DATA UNDER STUDY Start Marker
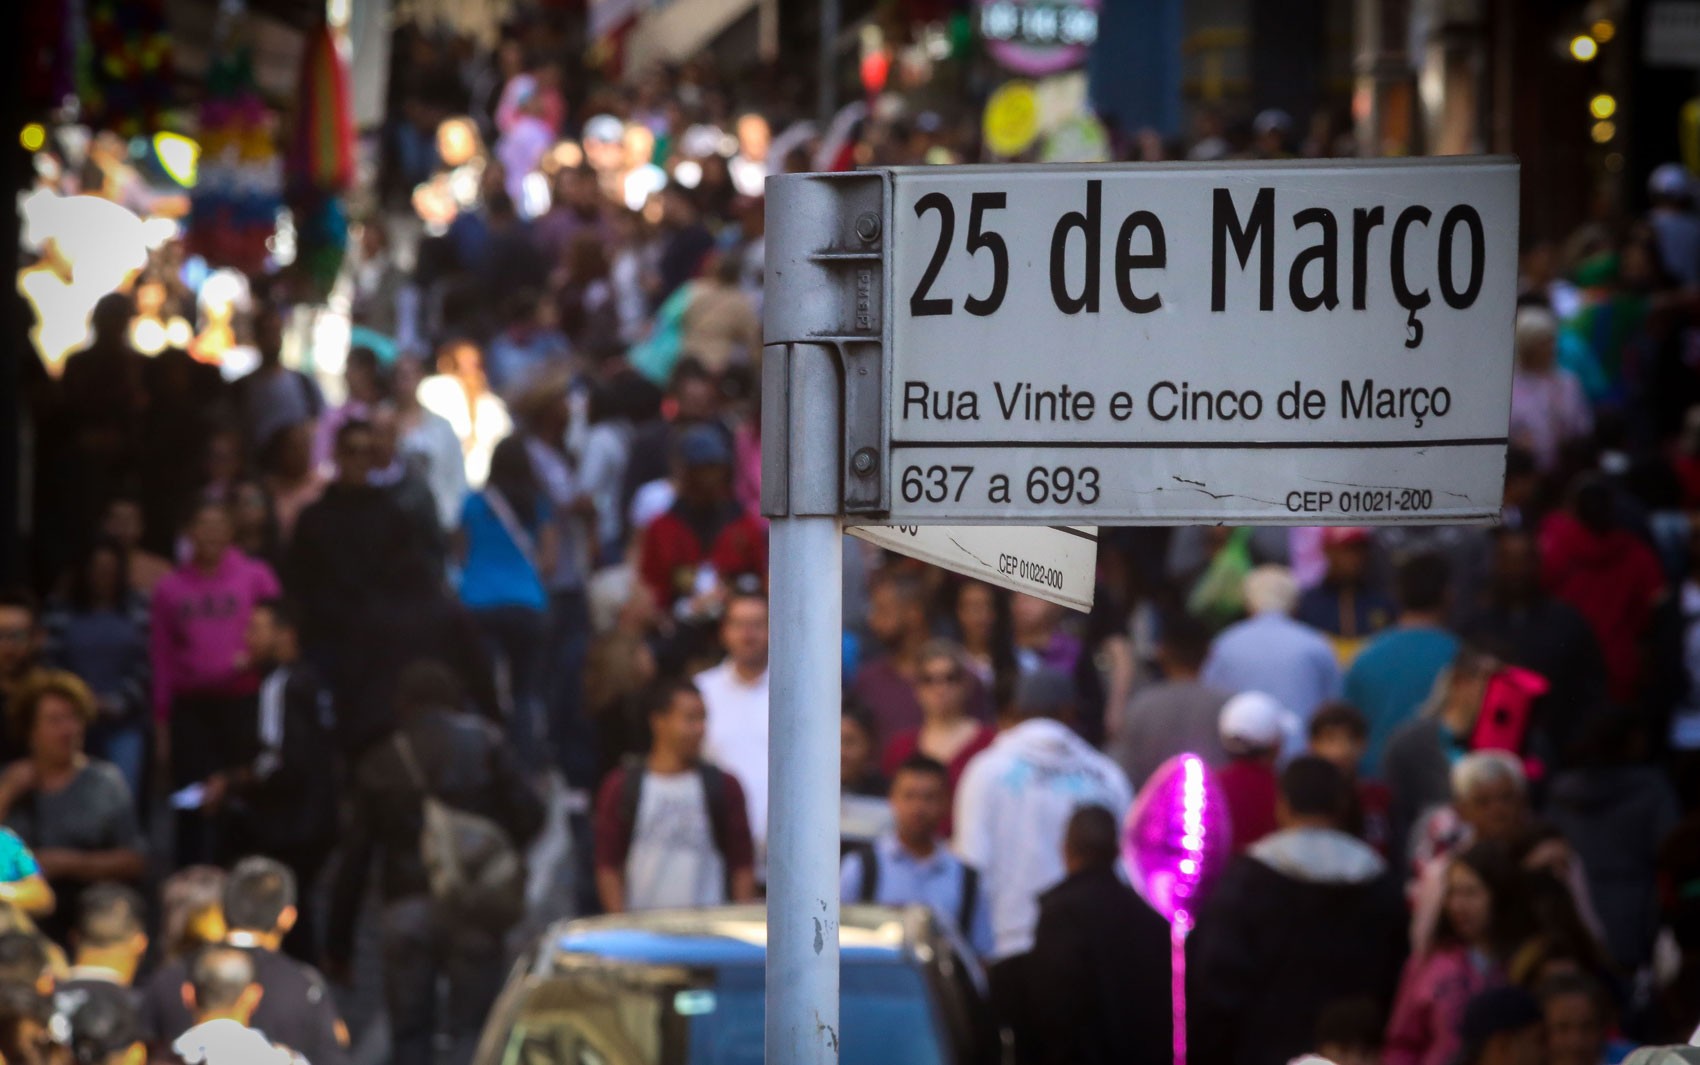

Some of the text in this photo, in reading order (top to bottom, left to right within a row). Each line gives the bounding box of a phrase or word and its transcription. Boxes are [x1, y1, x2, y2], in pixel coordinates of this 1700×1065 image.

[909, 179, 1487, 350] 25 de Março
[902, 378, 1452, 429] Rua Vinte e Cinco de Março
[901, 464, 1100, 505] 637 a 693
[1286, 489, 1432, 512] CEP 01021-200
[999, 553, 1063, 590] CEP 01022-000
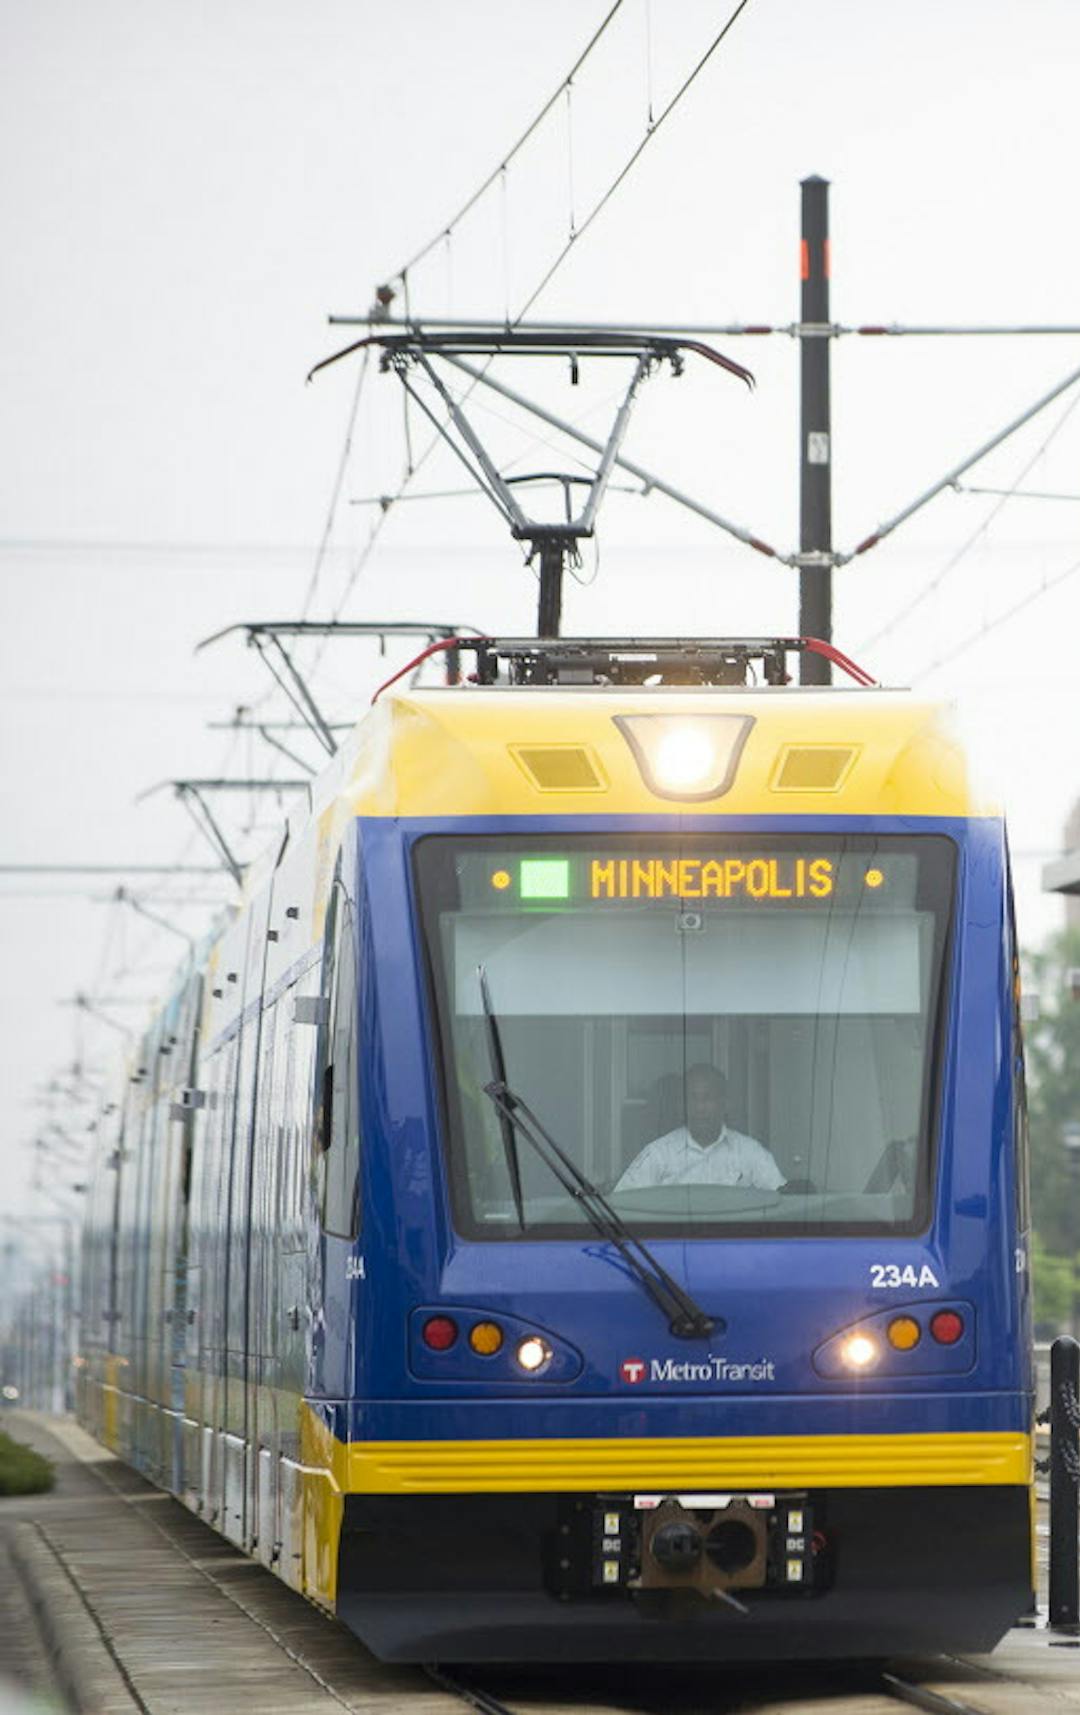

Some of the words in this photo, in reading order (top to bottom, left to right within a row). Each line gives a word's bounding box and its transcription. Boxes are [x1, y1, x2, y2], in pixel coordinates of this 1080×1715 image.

[591, 859, 832, 897] MINNEAPOLIS
[870, 1264, 940, 1288] 234A
[602, 1538, 622, 1553] DC
[786, 1537, 805, 1552] DC
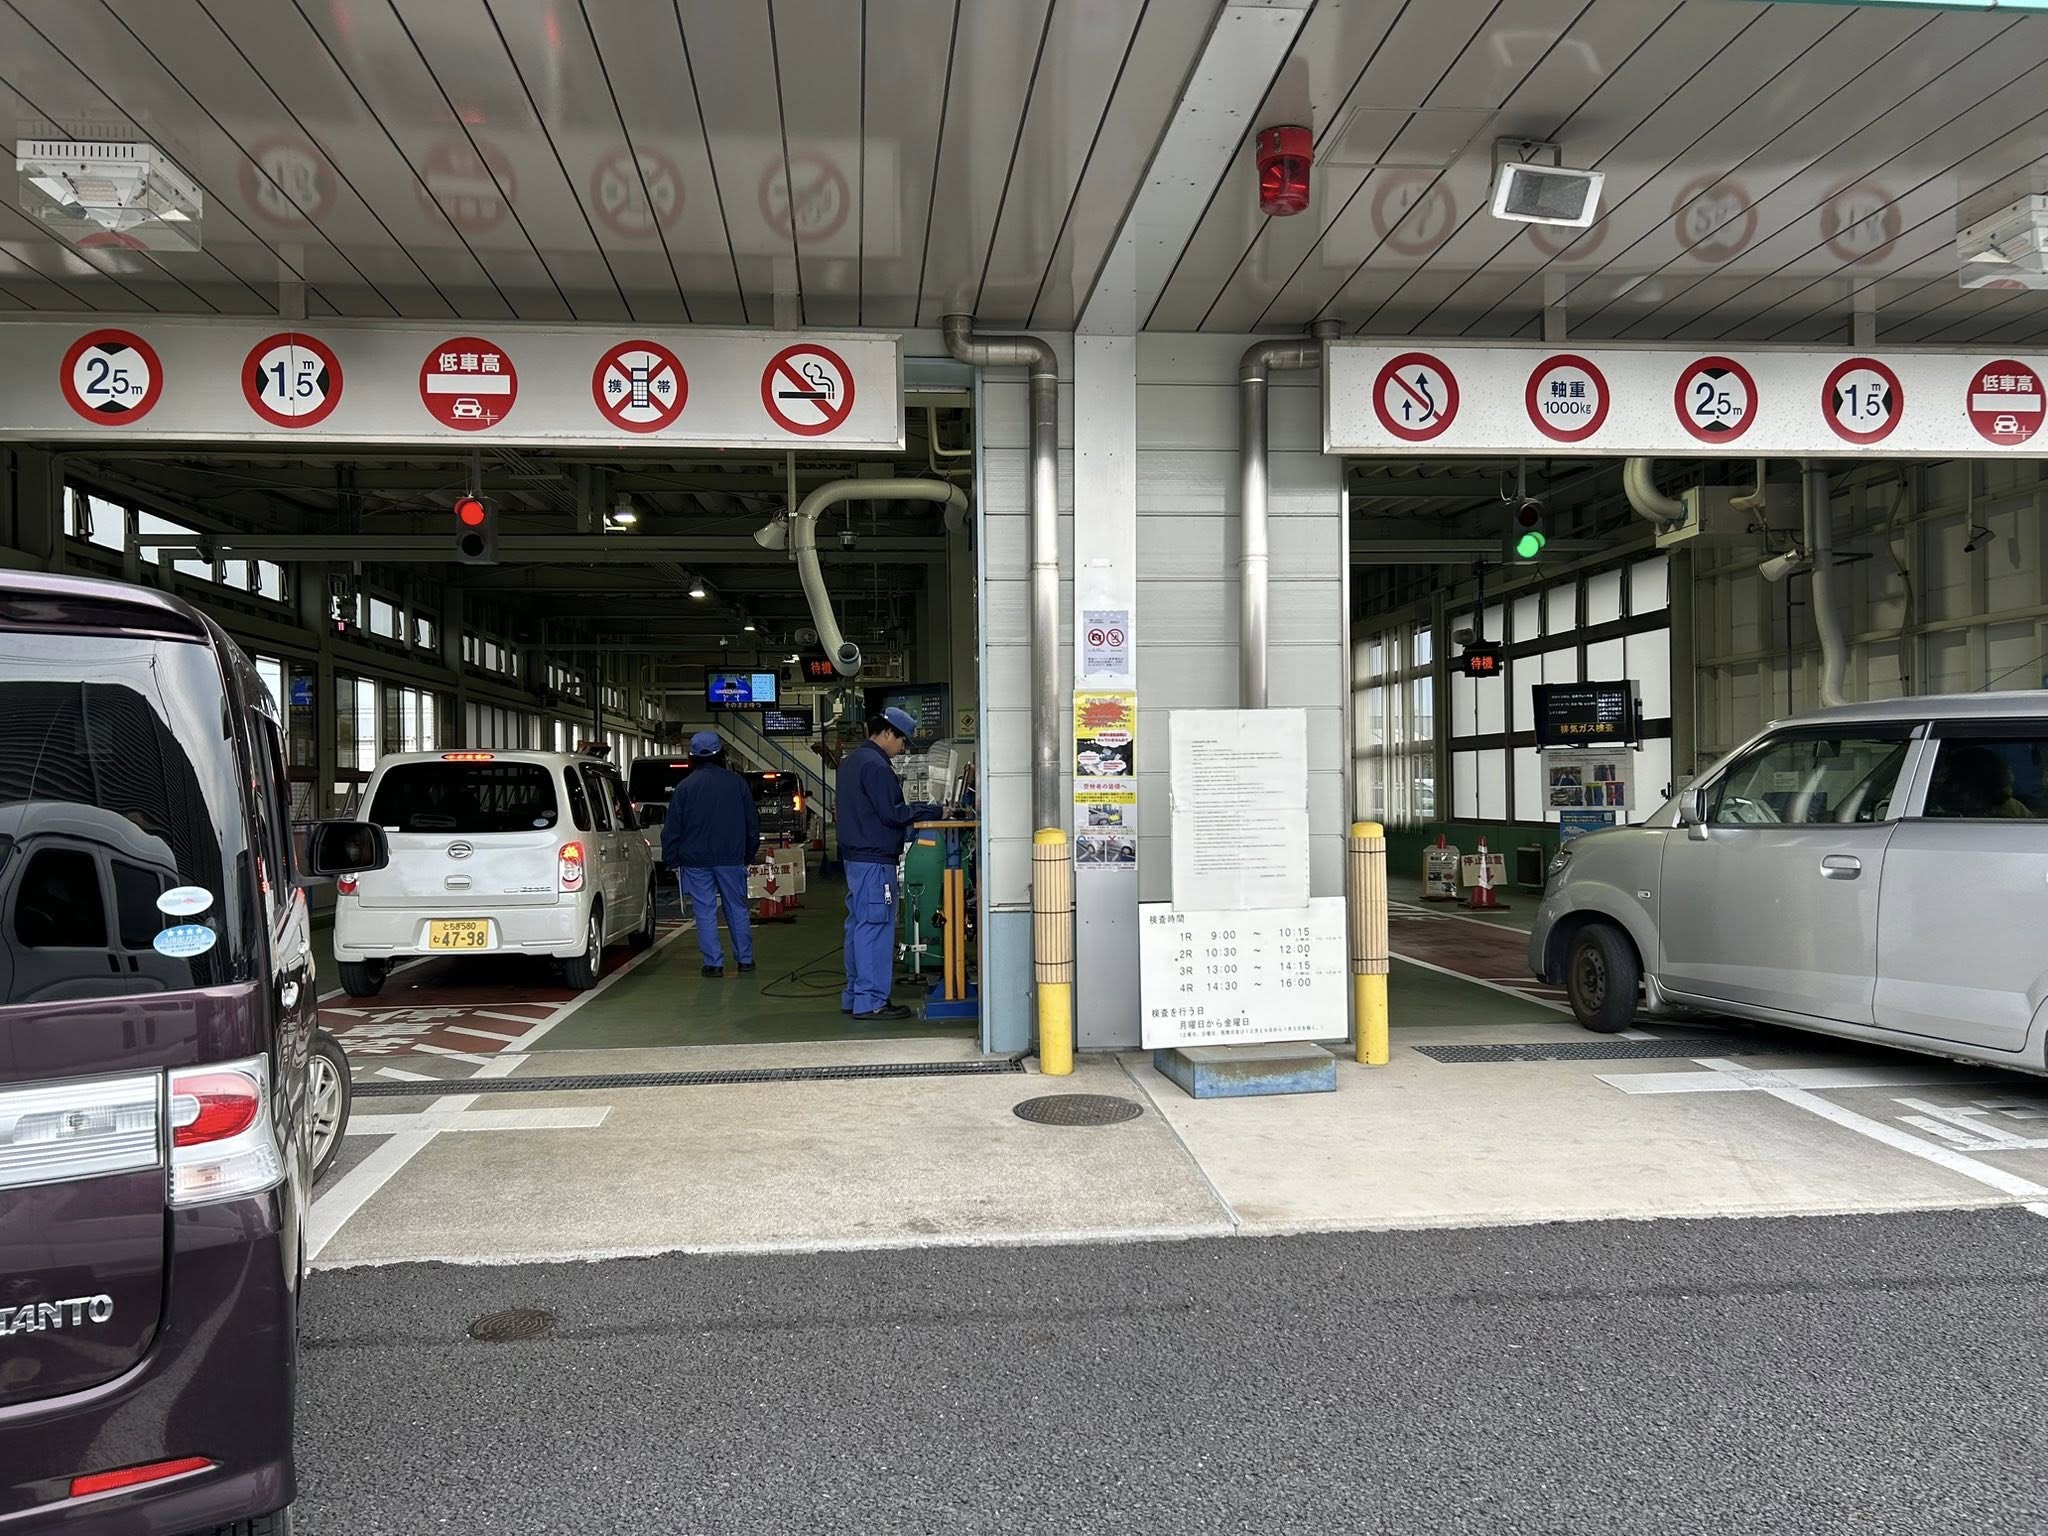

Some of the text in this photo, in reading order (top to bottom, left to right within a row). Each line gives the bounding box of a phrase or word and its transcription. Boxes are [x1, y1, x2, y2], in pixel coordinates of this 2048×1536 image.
DATA UNDER STUDY End Marker
--- EXERCISE ---
Once more, please print all the lines above exactly, without their pictures.

--- OUTPUT OF THE EXERCISE ---
Some of the text in this photo, in reading order (top to bottom, left to right within a row). Each line gives the bounding box of a phrase or word and its transcription. Boxes are [x1, y1, x2, y2], in pixel coordinates of this 1700×1065 image.

[909, 179, 1487, 350] 25 de Março
[902, 378, 1452, 429] Rua Vinte e Cinco de Março
[901, 464, 1100, 505] 637 a 693
[1286, 489, 1432, 512] CEP 01021-200
[999, 553, 1063, 590] CEP 01022-000

Some of the words in this photo, in reading order (top to bottom, left to right within a row). Each line gives a word's bounding box and its transcription. Boxes are [x1, y1, x2, y2], in pixel coordinates of this 1080×1715 image.

[591, 859, 832, 897] MINNEAPOLIS
[870, 1264, 940, 1288] 234A
[602, 1538, 622, 1553] DC
[786, 1537, 805, 1552] DC

Some of the text in this photo, in reading order (top to bottom, left to right within a row). Each line gives the bounding box of a phrase or word and its transcription. Boxes are [x1, y1, x2, y2], in pixel coordinates of this 2048×1536 image.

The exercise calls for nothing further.